Barbour,
tra Buckingham Palace e terraces
Quando nel 1894 lo scozzese John Barbour di Galloway iniziò
a vendere giacconi in tela cerata nel porto di South Shields, la
Football Association inglese e la Football League avevano rispettivamente
trentuno anni e sei anni, e nessuno avrebbe immaginato il successo
al quale stava andando incontro John Barbour nel mondo degli appassionati
del gioco del calcio.
E chissà che John Barbour stesso non fosse appassionato del
Beautiful Game.
La Federazione scozzese, Scottish Football Association era nata
nel 1873 e Archibald Leitch, il grande architetto degli stadi britannici,
ancora giovanissimo, si stava formando negli studi e iniziava a
pensare a come unire la sua passione per l’architettura e
quella per il calcio.
Di lì a breve il football dall’isola d’Albione
sarebbe giunto ovunque nella Vecchia Europa e nel mondo; Archibald
Leitch avrebbe costruito una ventina di stadi per Football Clubs
inglesi e scozzesi (ed essendo morto nel 1939 per fortuna non avrebbe
visto la loro demolizione per una legge infame sulla sicurezza risalente
al 1989); la reputazione dei prodotti di Barbour sarebbe così
cresciuta da ottenere dalla Regina Elisabetta II, da Sua Altezza
Reale il Duca di Edimburgo e da Sua Altezza Reale il Principe di
Galles, la Royal Warrant of Appointment per aver fornito alla famiglia
reale britannica capi d’abbigliamento impermeabili di altissima
qualità; e, infine, i prodotti di John Barbour sarebbero
diventati oggetti di culto nelle terraces di tutta Europa, a partire
proprio da quelle disegnate da Leitch.
Negli anni ’80 e ’90 del Novecento, giusto un centinaio
d’anni dopo la creazione dei primi capi in tela cerata della
Barbour, britannici appassionati di calcio, avrebbero viaggiato
in tutta Europa con i famosi treni Inter City facendo conoscere
ovunque la potenza delle squadre inglesi e delle loro firms, anche
nel campo dell’abbigliamento.
In Italia, l’esplosione del fenomeno casual procedé
quasi di pari passo.
I supporters italiani a contatto con quelli inglesi misuravano l’abbigliamento
e i muscoli, rimanendo colpiti dalla sobria ‘eleganza’

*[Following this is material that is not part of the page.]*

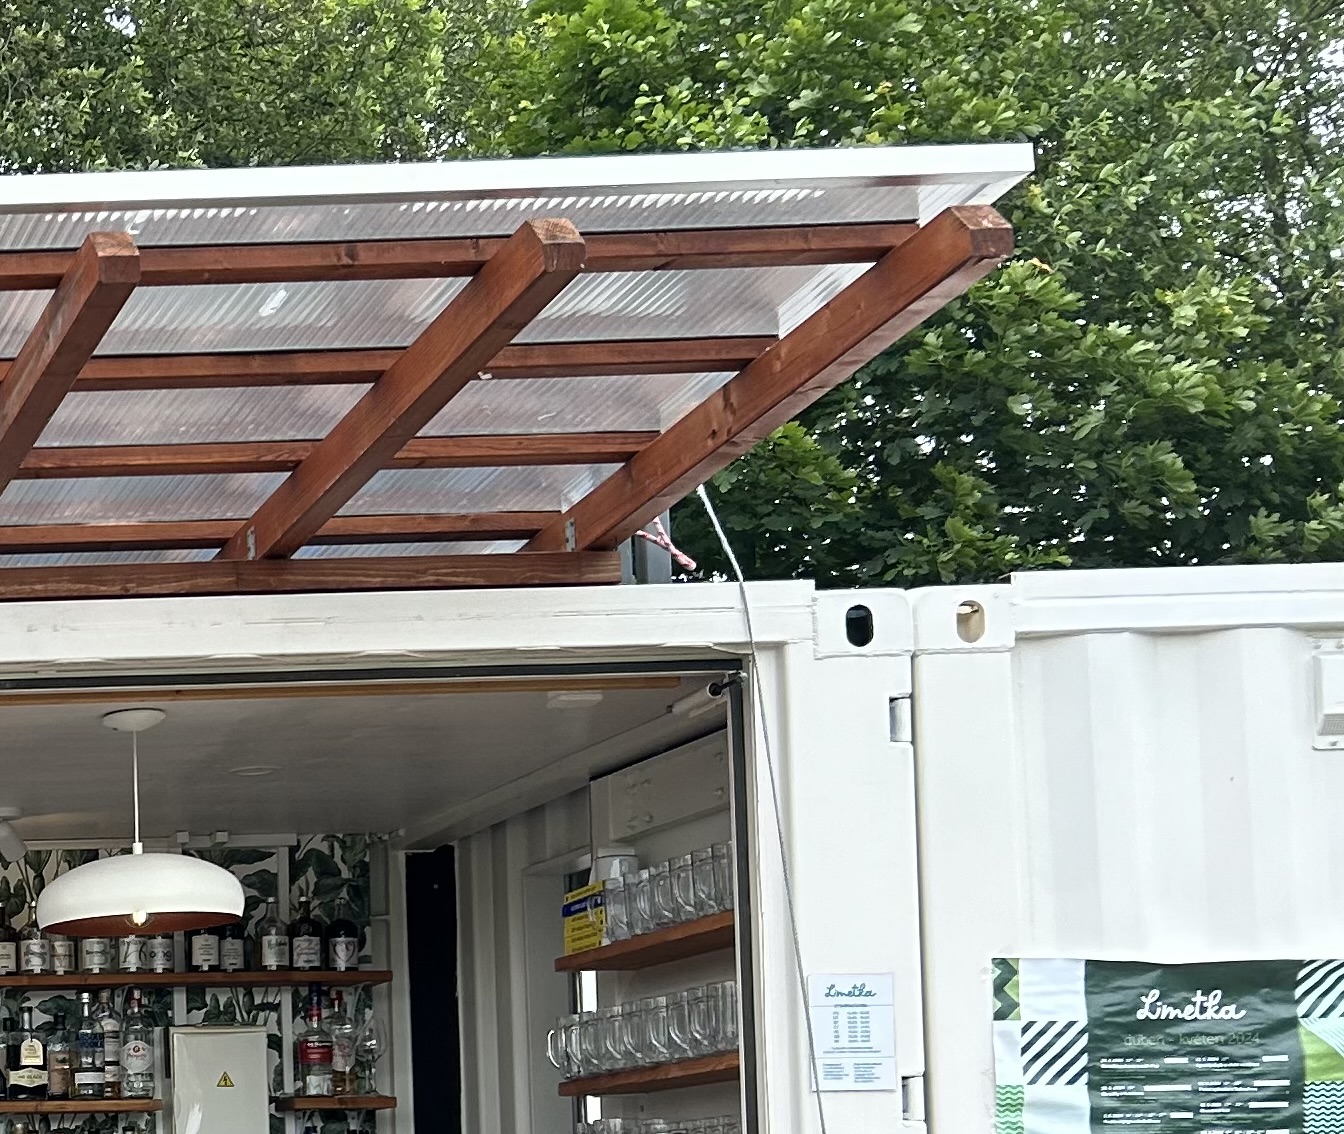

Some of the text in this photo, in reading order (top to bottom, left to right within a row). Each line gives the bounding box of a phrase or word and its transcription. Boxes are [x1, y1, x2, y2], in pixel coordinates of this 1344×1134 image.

con la quale le firms britanniche occupano lo shed, anche delle
altre tifoserie. Purtroppo, dopo la sventurata finale di Coppa dei
Campioni dell’Heysel tra Liverpool e Juventus, le squadre
inglesi furono a lungo bandite dalle competizioni europee e i contatti
si fecero meno consueti.
Qualcuno di noi, già ventenne, iniziò a viaggiare
con l’Inter Rail, una forma di viaggio pensata per i giovani
che, con pochi soldi riuscivano a coronare i propri sogni d’evasione
dalla quotidianità. Era l’occasione buona per raggiungere
località lontane e seguire squadre con le quali avevamo sognato,
prima giocando a Subbuteo, e poi, dal 1977, seguendo le prime telecronache,
trasmesse con il sistema Pal Color. Anni meravigliosi, fatti di
calcio ancora dal sapore antico.
Negli anni 90 nasce Mentalità Ultras Streetwear. Nasce a
Torino, sponda granata. È il segno dei tempi. Mentalità
Ultras Streetwear capisce che troppo sta cambiando nel mondo del
pallone. Dentro e fuori dal campo. Per questo cerca di ridare al
fenomeno del tifo calcistico un orientamento di stile.
Quello stile che negli Ottanta aveva dettato legge.
E subito Mentalità Ultras Streetwear diventa uno dei classici
da terrace culture.
Oggi Mentalità Ultras Streetwear, con la felpa che presenta
degli inserti in stoffa originale tratta dall’interno del
Barbour, presenta un capo di abbigliamento che vuole essere una
citazione, proprio dedicata al grande scot man di Galloway.